Foundation Invests $5.5 Million in Seven New Translational Research Projects

Through its Translational Research Acceleration Program (TRAP), the Foundation Fighting Blindness is funding seven new projects aimed at advancing potential therapies toward clinical trials.

To launch an authorized clinical trial, a therapy developer must submit an Investigational New Drug (IND) application to the US Food & Drug Administration (FDA) – a process that requires expensive preclinical studies, regulatory knowledge, and manufacturing expertise. TRAP-funded grants support these efforts and guides projects toward an IND submission.

“Our TRAP grantees are exceptional scientists developing therapies that have strong potential to reach the patients with retinal diseases who need them,” says Chad Jackson, PhD, director of the Foundation’s TRAP program. “Translational research is challenging and expensive, but our program gives these scientists critical resources to help them succeed.”

Summaries of the new TRAP grants:

Dry AMD Gene Therapy

Bärbel Rohrer, PhD, Medical University of South Carolina, is conducting an animal study of a gene therapy designed to selectively deliver a component of complement factor H (CFH) to temper the overactive innate immune system in age-related macular degeneration (AMD). The approach is designed to mitigate retinal degeneration caused by the immune response, targeting the damage where it is most likely to occur.

Pharmaceutical for RP

Paul Yang, MD, PhD, is evaluating the drug mycophenolate as a therapy for multiple forms of RP and related conditions. Already approved by the FDA for inflammatory conditions, mycophenolate has been shown to reduce the accumulation of a molecule called cyclic guanosine monophosphate (cGMP). While cGMP is an important messenger molecule for converting light into electrical signals in the retina, too much of it is toxic and causes retinal degeneration. 

Small-Molecule for Usher Syndrome 3A (USH3A)

Mahdi Farhan, MD, Usher 3 Initiative, is completing pre-IND toxicity studies to advance a novel small-molecule therapy for USH3A into a Phase 1 clinical trial. The emerging drug works by stabilizing the misfolded USH3A protein (clarin-1) and enabling it to better move to its target location in retinal cells, thereby striving to preserve structure and function.
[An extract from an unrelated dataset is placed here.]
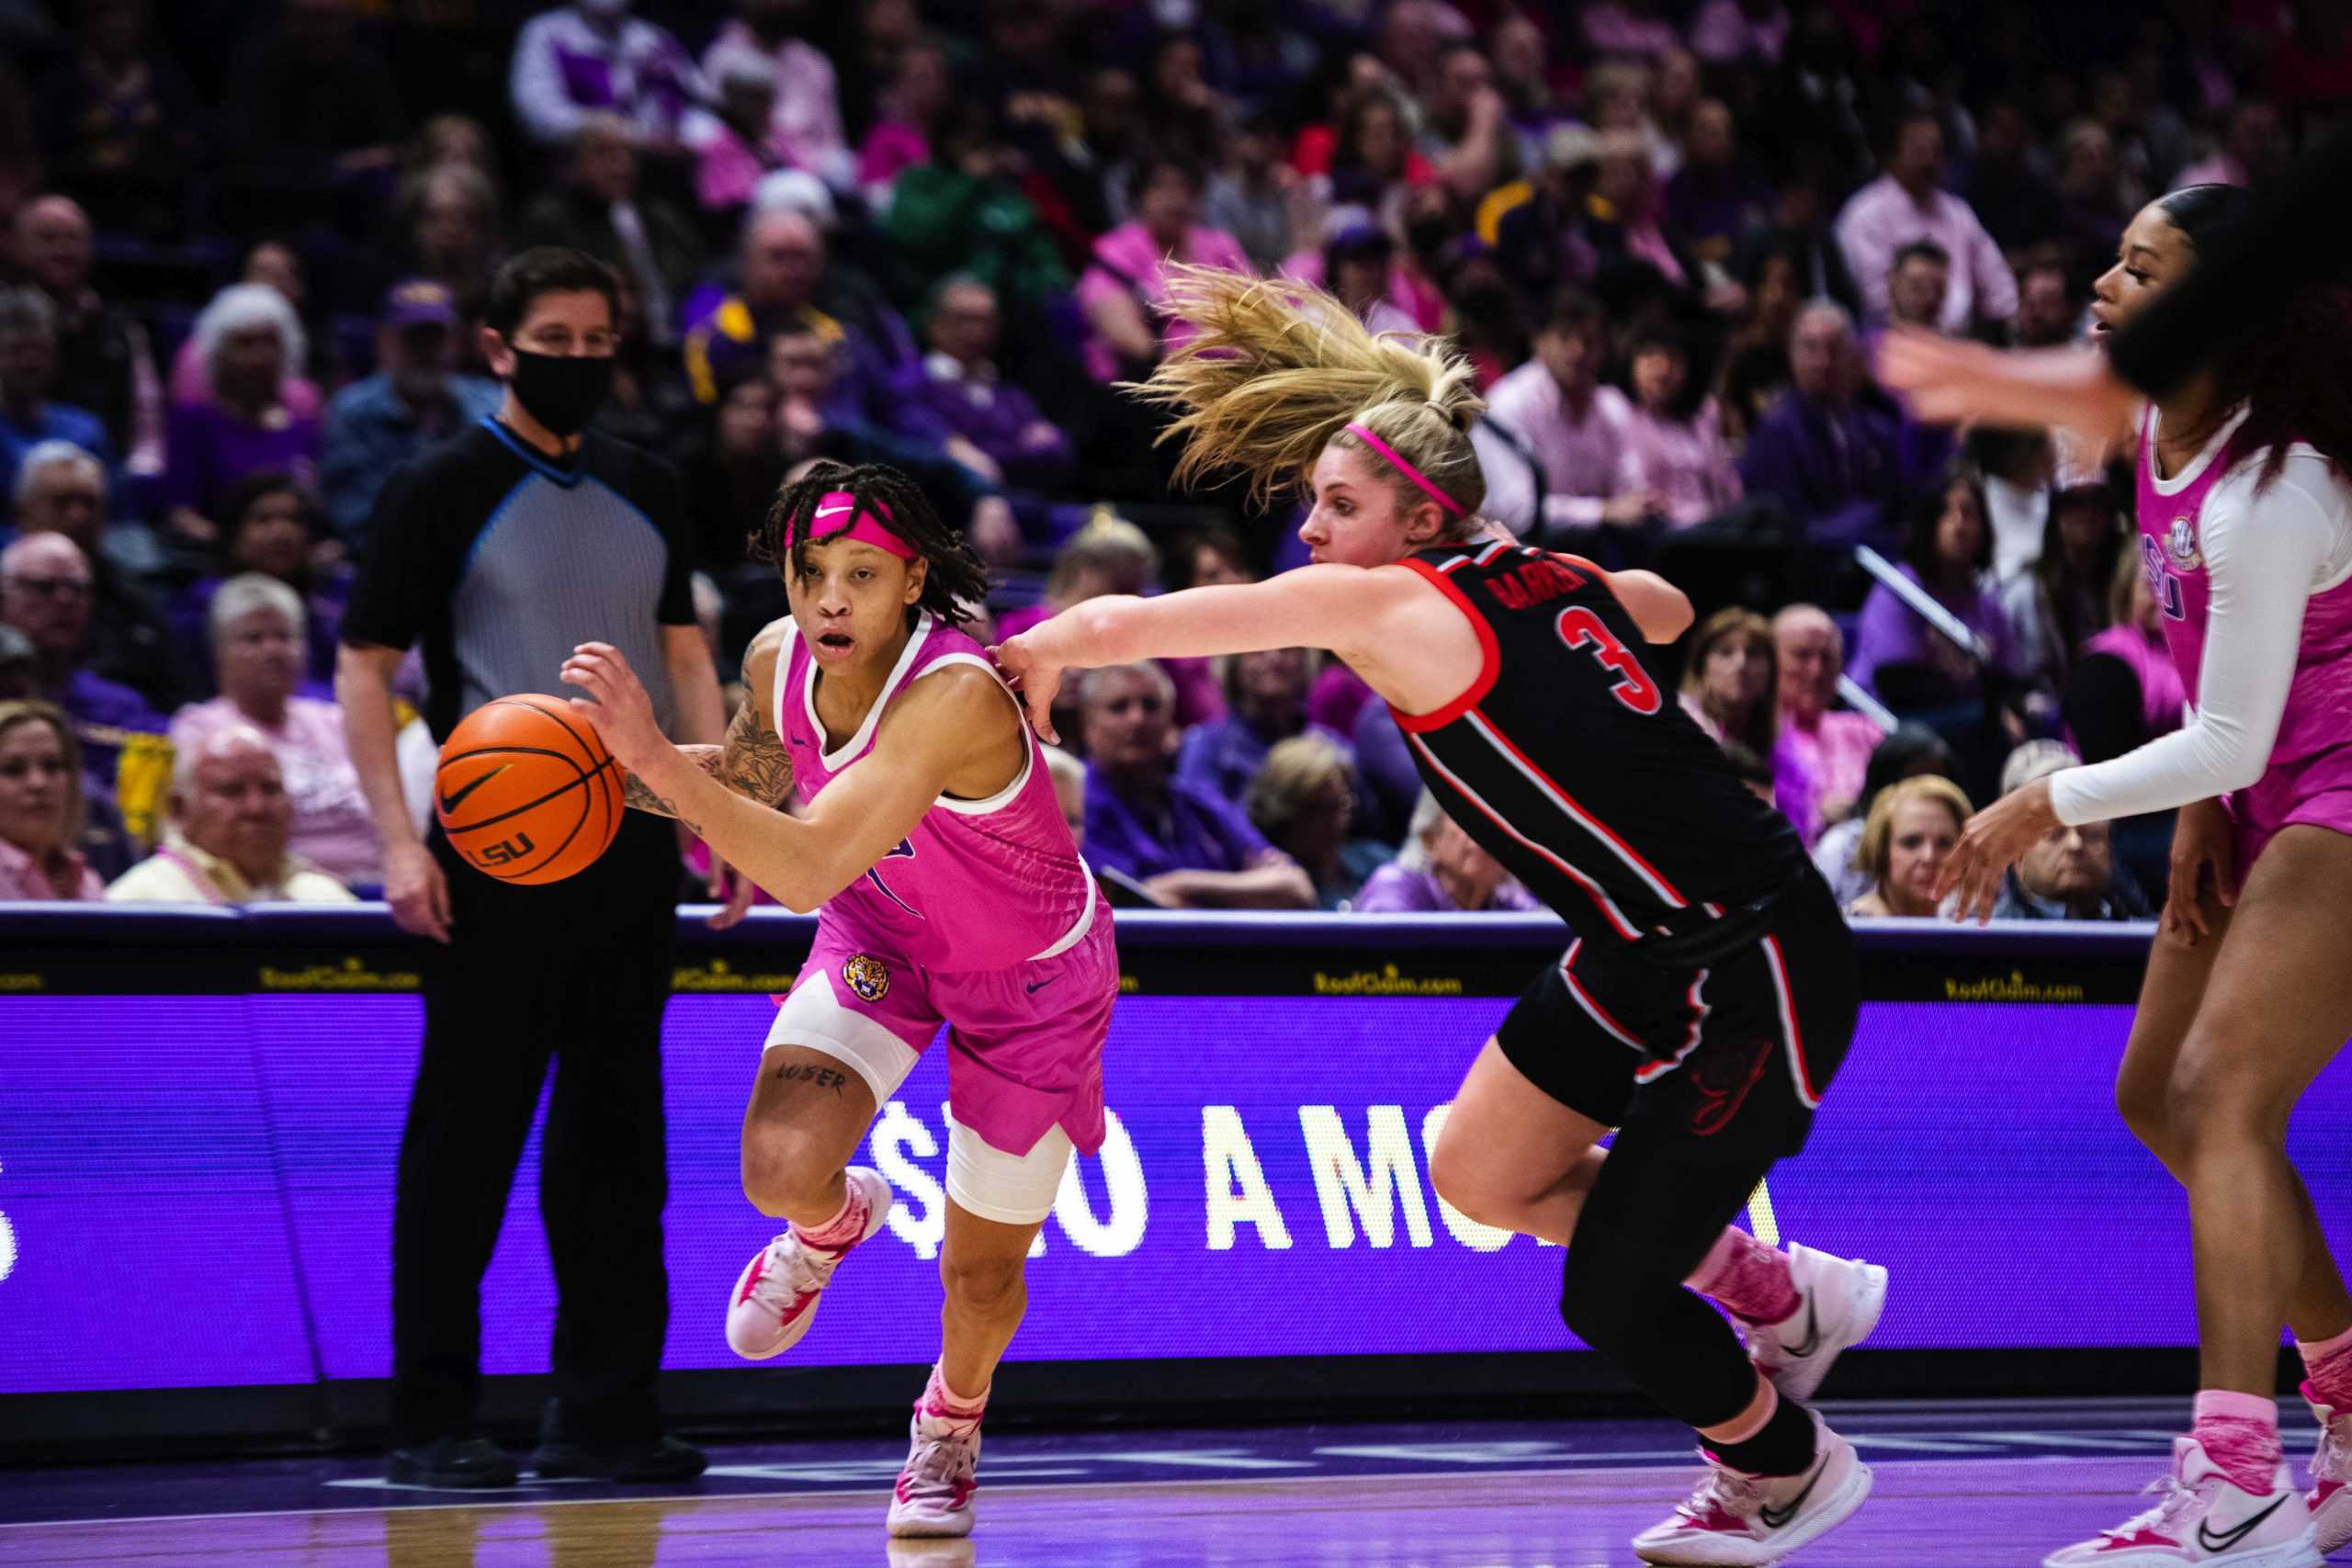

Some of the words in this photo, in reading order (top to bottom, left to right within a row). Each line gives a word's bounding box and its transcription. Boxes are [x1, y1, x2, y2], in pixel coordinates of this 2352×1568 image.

[1555, 604, 1662, 716] 3
[464, 831, 535, 868] LSU
[869, 1100, 1148, 1260] $0
[1202, 1105, 1293, 1250] A
Enabling the Retina to Generate New Photoreceptors

Tom Reh, PhD, University of Washington, is developing a process to enable the human retina to grow its own new photoreceptors. Thus far, he has used a small molecule to sprout photoreceptors from Muller glia in mice. The TRAP project is for evaluating the approach in a large animal.

Cross-Cutting Gene Therapy for RP

Stephen Tsang, MD, PhD, Columbia University, is developing a gene therapy to increase aerobic glycolysis – a process that generates energy -- in cone photoreceptors of those affected by retinitis pigmentosa (RP). He believes the approach may preserve cones for RP patients and would do so independent of the mutated gene causing the disease.

RNA Therapies for Stargardt Disease

Rob Collin, PhD, Radboud University, is developing antisense oligonucleotides (AON) – tiny pieces of DNA – to mask splicing mutations in ABCA4, the affected gene in people with Stargardt disease. The AONs target mutations in RNA, the genetic messages used to build proteins that are necessary for a cell’s health and proper functioning.

Restoring Dormant Retinal Cell Function

Hendrik Scholl, MD, Institute of Molecular and Clinical Ophthalmology Basel, is developing an optogenetic therapy to restore function to dormant cone photoreceptor cells for potentially a broad range of inherited retinal diseases. Cones are responsible for high-acuity, daytime vision, and in a certain percentage of patients, remain in a dormant state. This effort will perform late-stage preclinical studies that are required to start the first-in-human cone-based optogenetic vision restoration clinical trial. This optogenetic therapy produces a protein that makes dormant cone cells sensitive to light.